### [DIRECTIONS]
For this exercise, retype every record below exactly and keep the pictures out.

(Text-to-region grounding data)
┄┄┄┄┄┄┄┄┄┄
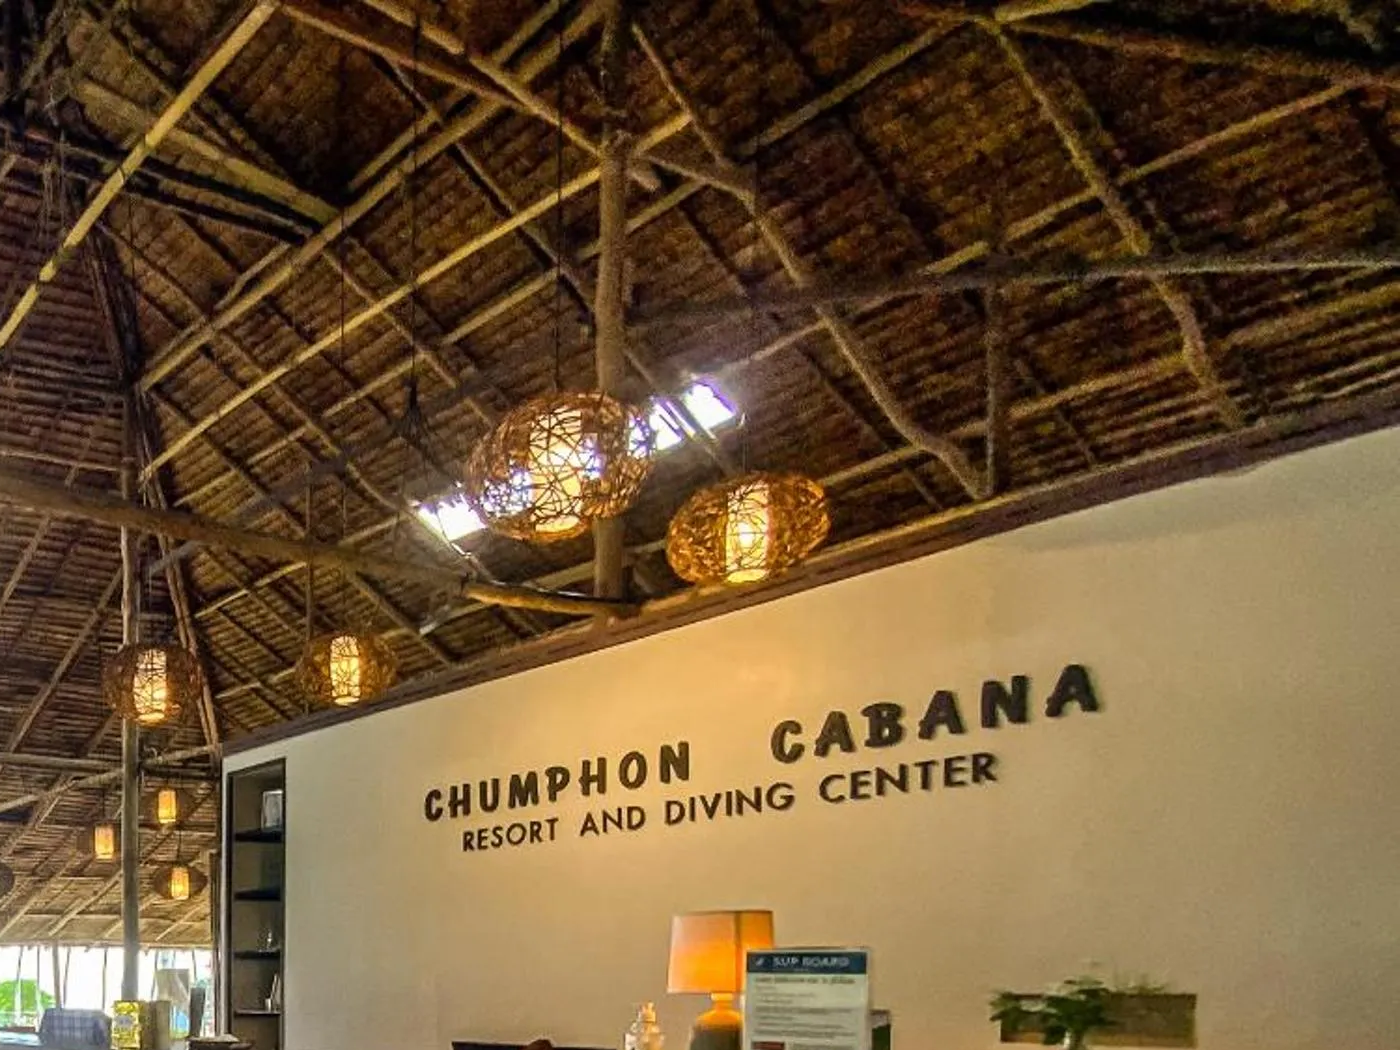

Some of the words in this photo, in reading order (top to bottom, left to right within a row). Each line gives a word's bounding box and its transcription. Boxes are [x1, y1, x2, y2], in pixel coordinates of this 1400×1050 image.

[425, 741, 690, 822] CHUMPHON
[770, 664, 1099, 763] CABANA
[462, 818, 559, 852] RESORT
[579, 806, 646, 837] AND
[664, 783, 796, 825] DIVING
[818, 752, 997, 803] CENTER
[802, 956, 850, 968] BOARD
┄┄┄┄┄┄┄┄┄┄
### [EXERCISE SOLUTION]
Some of the words in this photo, in reading order (top to bottom, left to right within a row). Each line gives a word's bounding box and its transcription. Boxes are [x1, y1, x2, y2], in pixel coordinates of this 1400×1050 image.

[425, 741, 690, 822] CHUMPHON
[770, 664, 1099, 763] CABANA
[462, 818, 559, 852] RESORT
[579, 806, 646, 837] AND
[664, 783, 796, 825] DIVING
[818, 752, 997, 803] CENTER
[802, 956, 850, 968] BOARD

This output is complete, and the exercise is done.